About Me

Life is learning. Life is change. Life is good. Life doesn't have to cost a lot. I want to make my life greener, healthier, and thriftier. And I want to enjoy doing it!

Saturday, July 16, 2011

Things I Learned The Hard Way Part Three: Making Something From (Almost) Nothing

How do you define creativity?  Apart from things like composing music, creating works of art, writing ... I mean creativity in everyday life, creativity that adds something to your life.  There are creative cooks, gardeners, home decorators; there are people who can host a perfect party, or trim a perfect Christmas tree, or accessorize everything they wear with unique flair.

And then there are people like me.  People who can take something old, something worn out, something discarded, and turn it into something attractive or useful or practical.  People who don't have any money but somehow always manage to find or produce what they need.  And most of those people, like me, had to master the fine art of squeezing a loonie until the bird laid eggs.  People who've figured out, of necessity, how to turn that sow's ear into a silk purse, or a pair of slippers, or an Easter basket for a child.

When I was at my most impoverished  -  suddenly divorced, with a two-year-old  -  I discovered ways to turn other people's trash into our personal treasures.  A broken umbrella picked up from the side of the road became a colourful kite for trips to the park.  A discarded roller skate, a slightly bent freezer basket, and a couple of wire hangers combined to make a doll carriage.  A huge garbage bag of old jeans and shirts hauled home for a dollar from a yard sale?  All those clothes were carefully picked apart at the seams, and the fabric became overalls, shirts, and dresses for my daughter.  The pieces that didn't metamorphose into child or doll wardrobes went into a quilt for her bed (stuffed with clean, shredded old socks and pantyhose), stuffed fabric holiday ornaments, quilted potholders, patchwork cushion covers, stuffed toys ... not a scrap was wasted.  Zippers and buttons were traded to a seamstress friend for spools of thread; even thread trimmings all went into stuffing.  Odd half-skeins of yarn from freebie boxes at yard sales went through my corking spool to become braided bath and kitchen mats  -  unless the yarn was cotton; then it was knitted into dishcloths.  Frayed bath towels were quartered and hemmed to become kitchen towels or facecloths, and when they wore too thin to use they were shredded for toy or cushion stuffing, or layered and quilted for hot mats, oven mitts, and potholders.

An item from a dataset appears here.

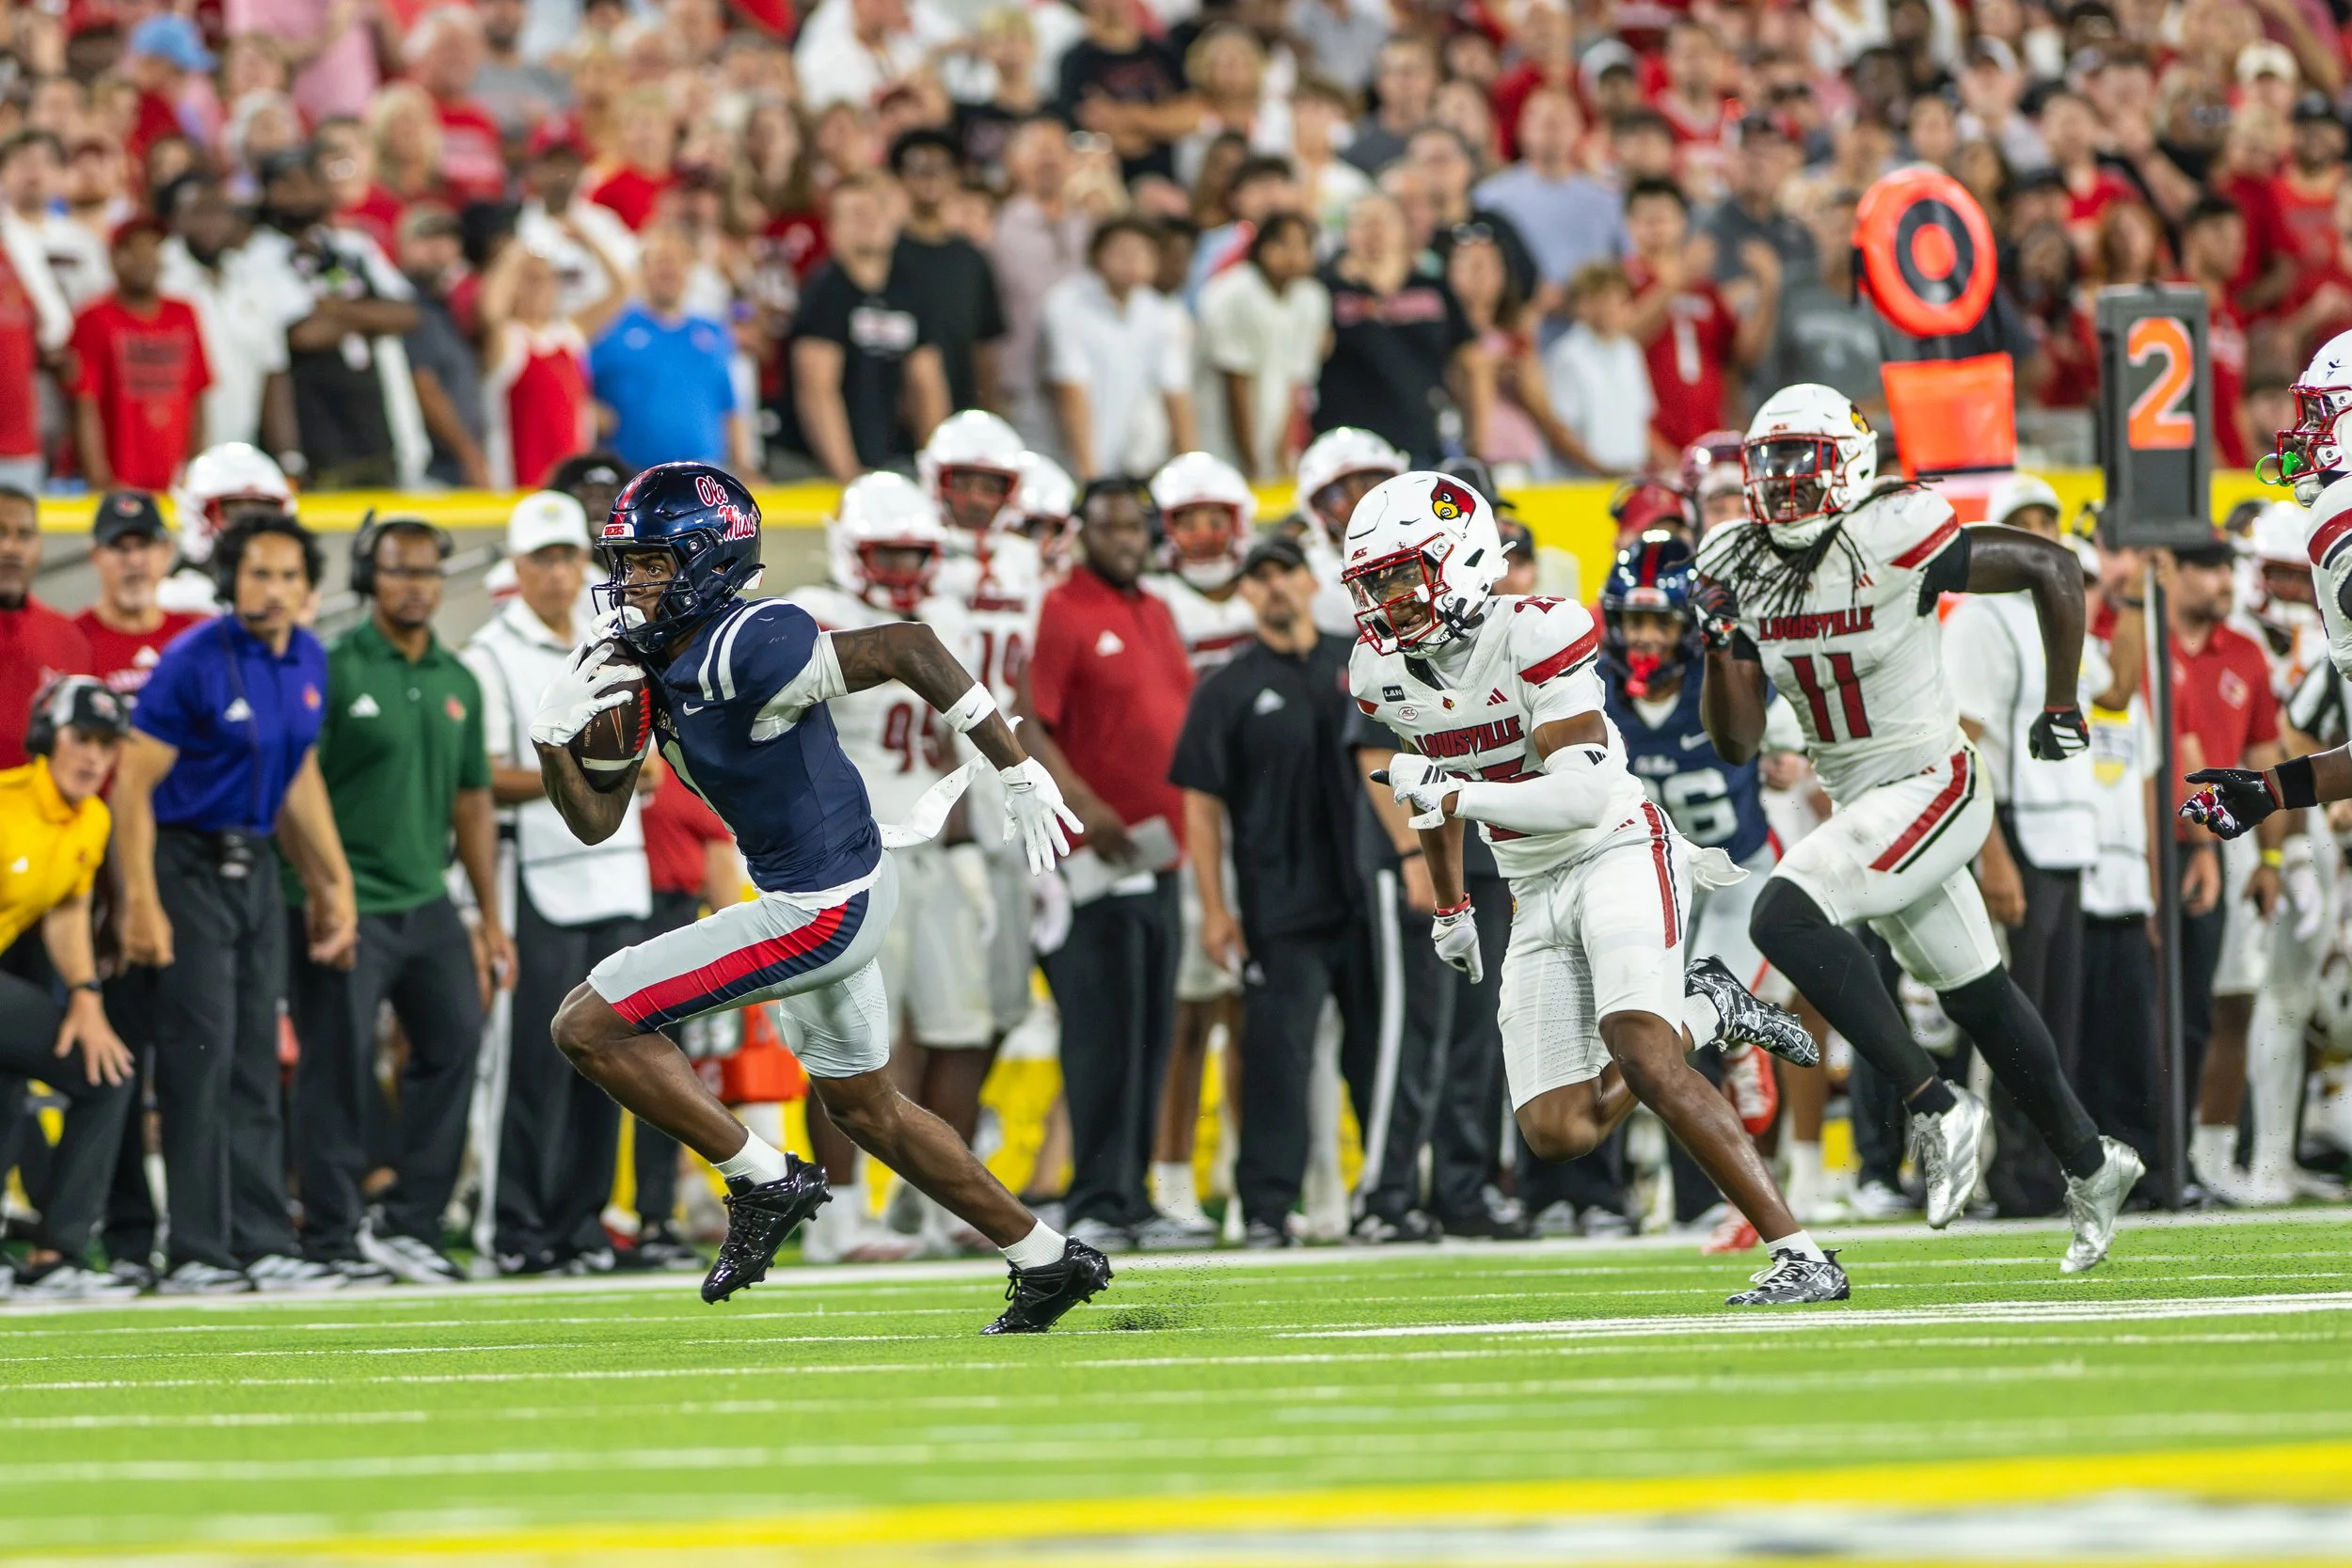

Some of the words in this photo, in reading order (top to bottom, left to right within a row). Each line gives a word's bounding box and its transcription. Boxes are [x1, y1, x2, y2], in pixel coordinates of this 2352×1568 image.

Tuna cans were carefully bent and shaped into cookie cutters, or used as individual muffin or meat loaf pans  -  the perfect serving size for a small child!  The skeleton of that aforementioned broken umbrella made a great hanging drying racks for socks and other small items.  A yard-sale laundry hamper became a patchwork-covered toy box.  The lids from two large cookie tins were used for baking sheets; the bottoms made good casserole pans.

We'd make a game of it, sometimes.  What do we need?  What do we have that we could adapt or re-work into what we need?  What can we find that could turn into a good whatever-it-is?  What is this, or what was it, and what can we make with it?  A stack of outdated swatch books found next to an upholstery shop's dumpster  -  bonanza!  Tapestry shopping bags, silk patchwork pillowcases, satin Christmas ornaments and velvet stockings, a colourful harlequin costume for Hallowe'en!

The point  -  and it took me a long time to realize this  -  is that being cash-poor doesn't have to make you feel poor; penny-pinching doesn't have to feel like a chore.  There can be a lot of fun in being creative with whatever resources you have.